Exercise inputs START

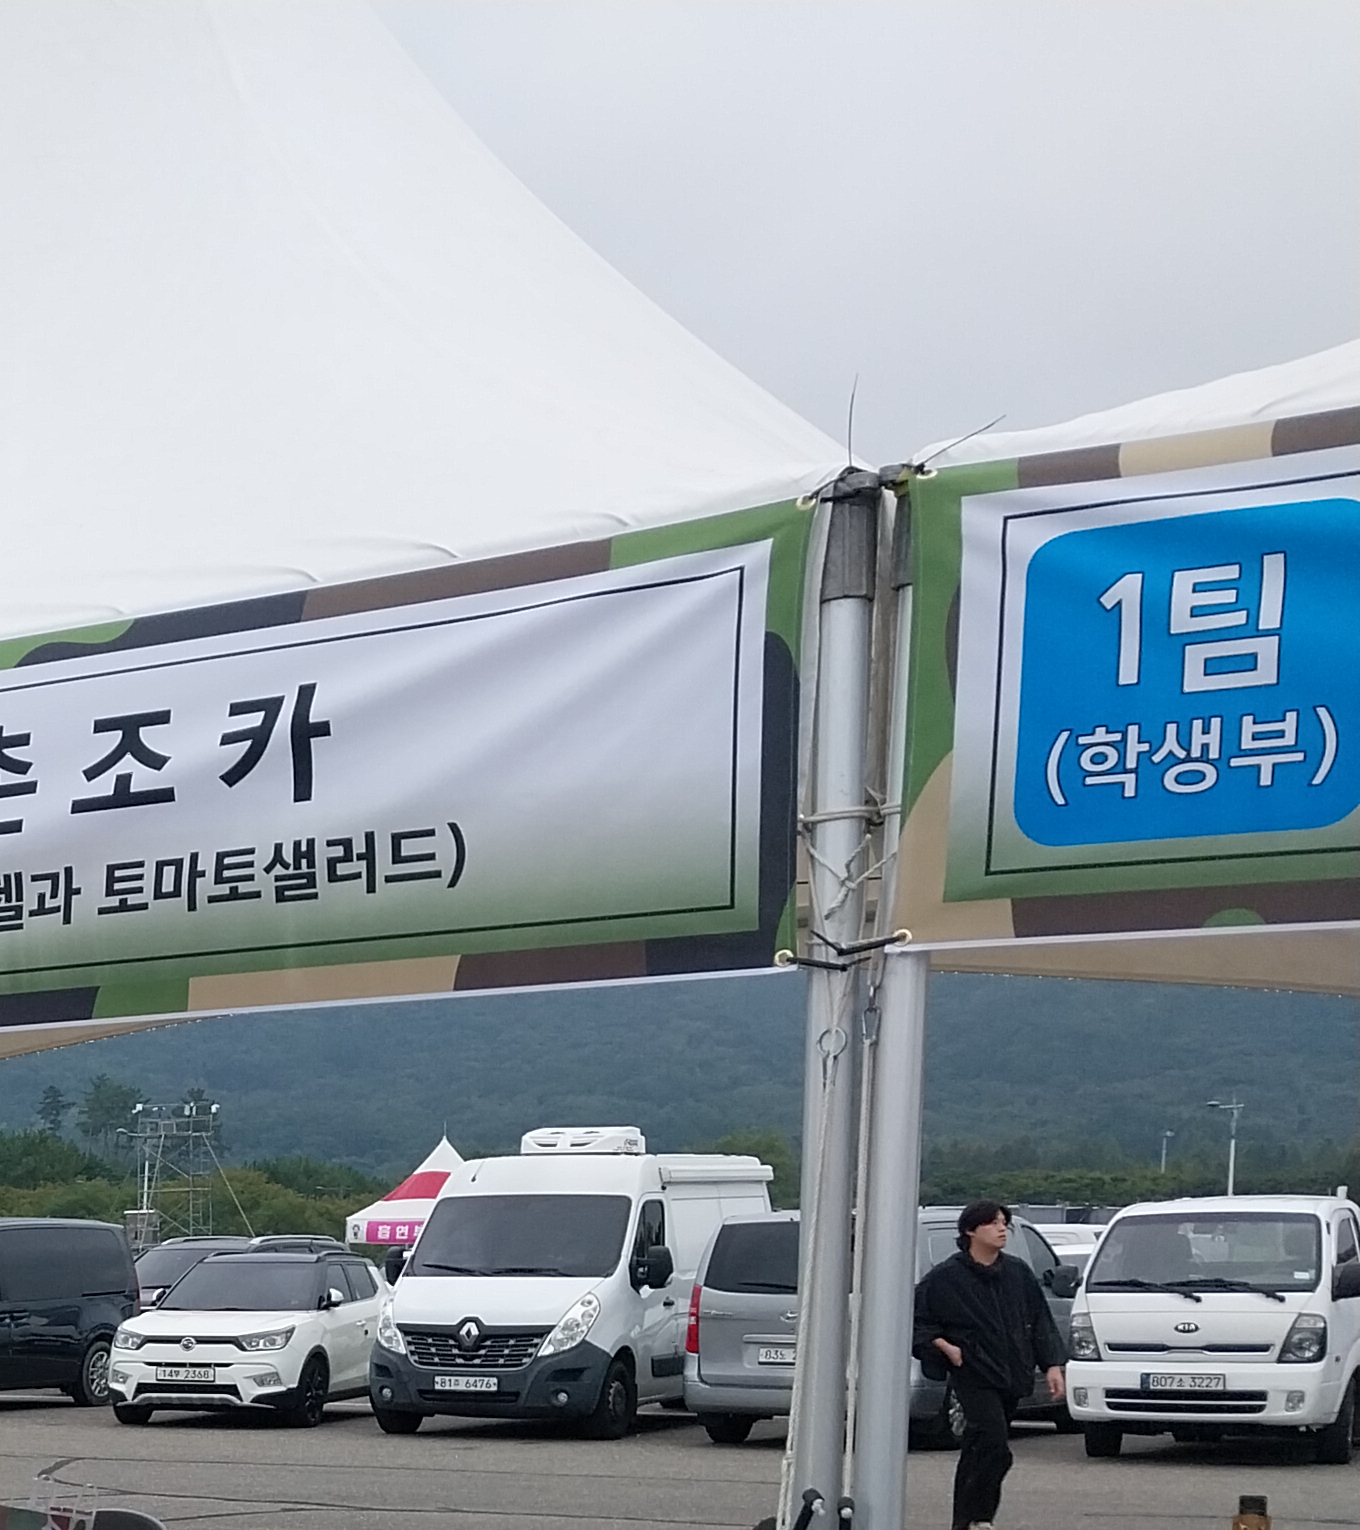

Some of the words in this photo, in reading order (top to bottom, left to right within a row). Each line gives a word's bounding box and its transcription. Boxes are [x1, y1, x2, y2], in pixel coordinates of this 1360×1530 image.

[1098, 551, 1287, 694] 1팀
[1046, 705, 1339, 807] (학생부)
[96, 821, 468, 917] 토마토샐러드)
[464, 1378, 492, 1389] 6476
[1189, 1376, 1222, 1388] 3227

Exercise inputs END

(Problem)
Without the pictures, copy all of the entries exactly as they appear.

(Task result)
Some of the words in this photo, in reading order (top to bottom, left to right within a row). Each line gives a word's bounding box and its transcription. Boxes are [x1, y1, x2, y2], in pixel coordinates of this 1360×1530 image.

[1098, 551, 1287, 694] 1팀
[1046, 705, 1339, 807] (학생부)
[96, 821, 468, 917] 토마토샐러드)
[464, 1378, 492, 1389] 6476
[1189, 1376, 1222, 1388] 3227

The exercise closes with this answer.